窗口化表值函数是Flink定义的多态表函数(缩写为PTF)。PTF是SQL 2016标准的一部分,是一个特殊的表函数,但可以将表作为参数。PTF是改变表形状的强大功能。因为PTF在语义上类似于表,所以它们的调用发生在SELECT语句的FROM子句中。

Windowing TVFs is a replacement of legacy Grouped Window Functions. Windowing TVFs is more SQL standard compliant and more powerful to support complex window-based computations, e.g. Window TopN, Window Join. However, Grouped Window Functions can only support Window Aggregation.
窗口化TVFs是传统Grouped Window Functions的替代品。窗口化TVFs更符合SQL标准,更强大,可以支持复杂的基于窗口的计算,例如Window TopN, Window Join。而Grouped Window Functions只能支持窗口聚合。

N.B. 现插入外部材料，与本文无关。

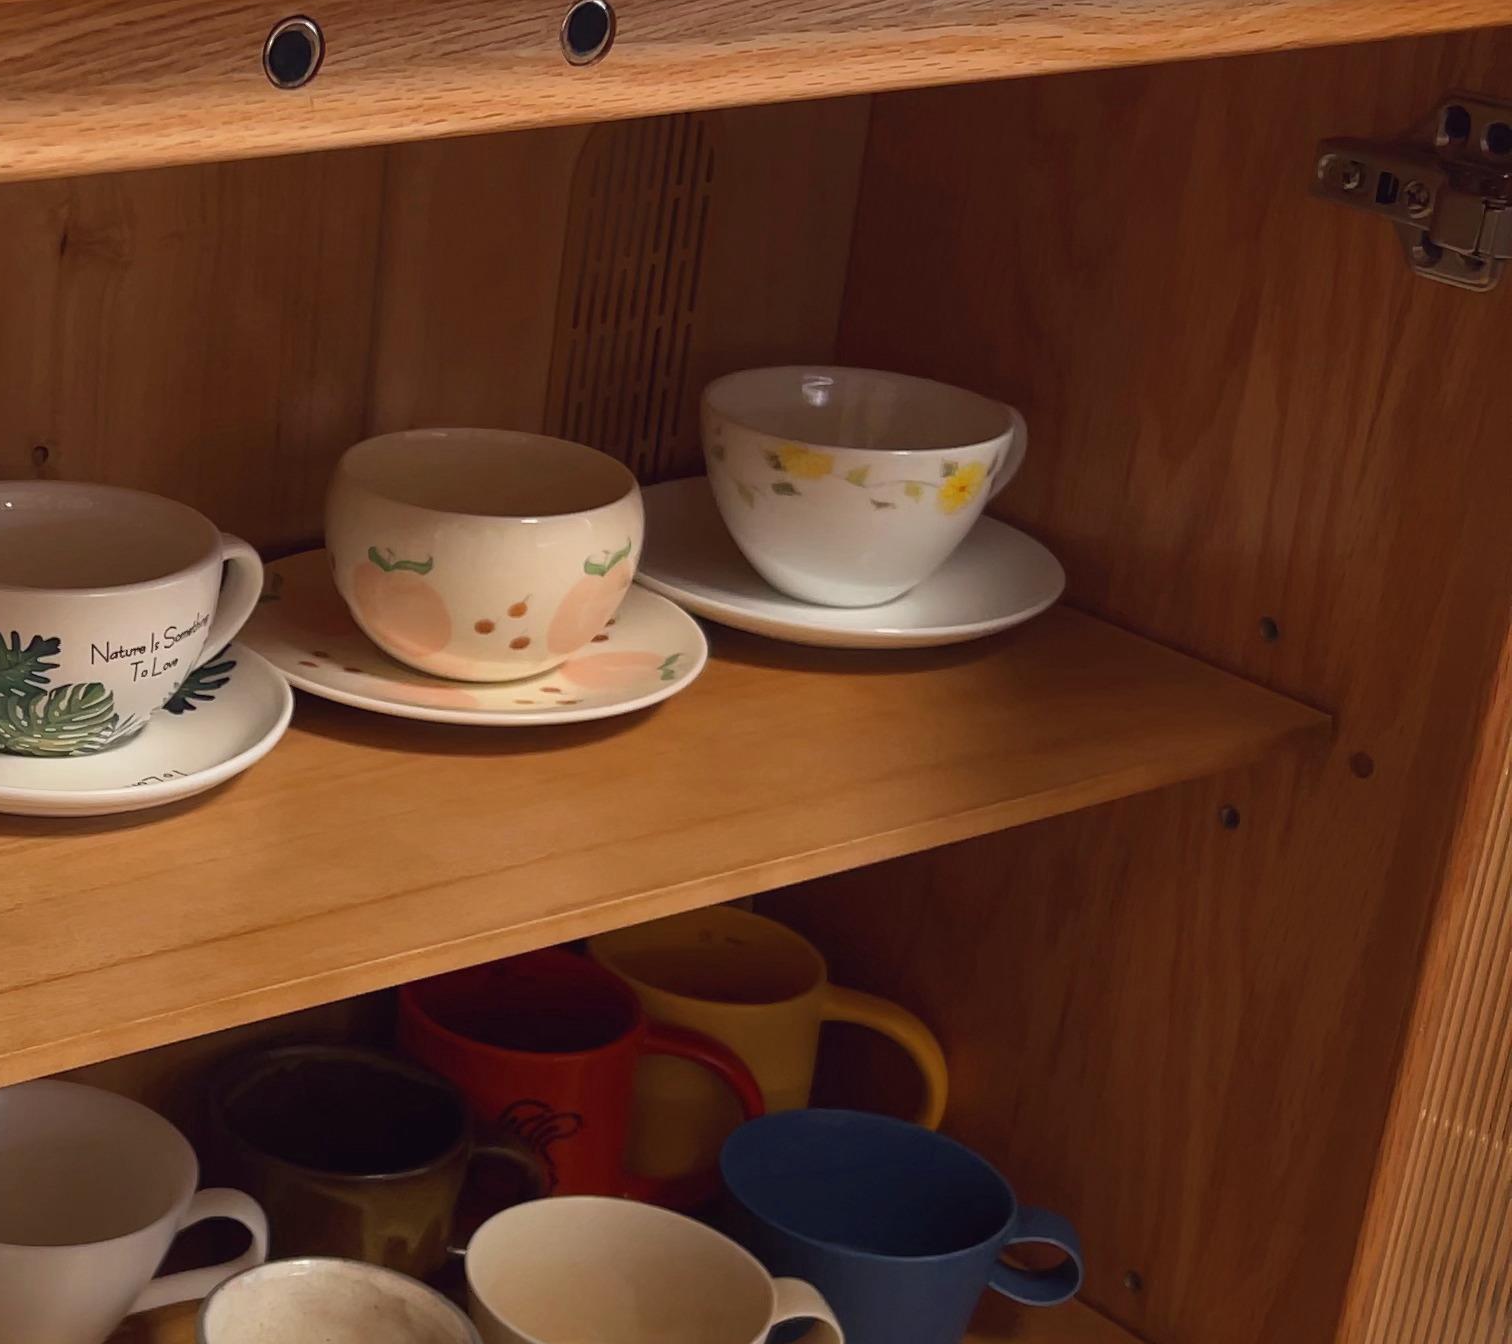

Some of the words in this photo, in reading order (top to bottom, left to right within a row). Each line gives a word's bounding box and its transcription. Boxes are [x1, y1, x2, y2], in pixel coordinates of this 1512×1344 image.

See more how to apply further computations based on windowing TVF:
了解更多如何基于窗口化TVF做进一步计算:

  • Window Aggregation
  • Window TopN
  • Window Join
  • Window Deduplication

Window Functions

Apache Flink provides 3 built-in windowing TVFs: TUMBLE, HOP and CUMULATE. The return value of windowing TVF is a new relation that includes all columns of original relation as well as additional 3 columns named “window_start”, “window_end”, “window_time” to indicate the assigned window. In streaming mode, the “window_time” field is a time attributes of the window. In batch mode, the “window_time” field is an attribute of type TIMESTAMP or TIMESTAMP_LTZ based on input time field type. The “window_time” field can be used in subsequent time-based operations, e.g. another windowing TVF, or interval joins, over aggregations. The value of window_time always equal to window_end - 1ms.
Apache Flink提供了3个内置窗口化TVF:TUMBLE, HOP and CUMULATE。窗口化TVF的返回值是一个新的关系,它包括原始关系的所有列以及另外三列,分别名为“window_start”, “window_end”, “window_time”,以指示指定的窗口。在流模式下,“window_time”字段是窗口的时间属性。在批处理模式中,“window_time”字段是基于输入时间字段类型的TIMESTAMP或TIMESTAMP_LTZ类型的属性。“window_time”字段可用于后续基于时间的操作,例如,另一个窗口化TVF或interval joins, over aggregations。window_time的值始终等于window_end-1ms。

TUMBLE

The TUMBLE function assigns each element to a window of specified window size. Tumbling windows have a fixed size and do not overlap. For example, suppose you specify a tumbling window with a size of 5 minutes. In that case, Flink will evaluate the current window, and a new window started every five minutes, as illustrated by the following figure.
TUMBLE函数将每个元素分配给指定窗口大小的窗口。滚动窗口具有固定大小,不会重叠。例如,假设指定一个大小为5分钟的滚动窗口。在这种情况下,Flink将评估当前窗口,每五分钟启动一个新窗口,如下图所示。

在这里插入图片描述

The TUMBLE function assigns a window for each row of a relation based on a time attribute field. In streaming mode, the time attribute field must be either event or processing time attributes. In batch mode, the time attribute field of window table function must be an attribute of type TIMESTAMP or TIMESTAMP_LTZ. The return value of TUMBLE is a new relation that includes all columns of original relation as well as additional 3 columns named “window_start”, “window_end”, “window_time” to indicate the assigned window. The original time attribute “timecol” will be a regular timestamp column after window TVF.
TUMBLE函数根据时间属性字段为关系的每一行分配一个窗口。在流模式下,时间属性字段必须是事件或处理时间属性。在批处理模式下,窗口化表函数的时间属性字段必须是TIMESTAMP或TIMESTAMP_LTZ类型的属性。TUMBLE的返回值是一个新的关系,它包括原始关系的所有列,以及名为“window_start”、“window_end”和“window_time”的额外3列,以指示指定的窗口。原始时间属性“timecol”将是窗口化TVF之后的常规时间戳列。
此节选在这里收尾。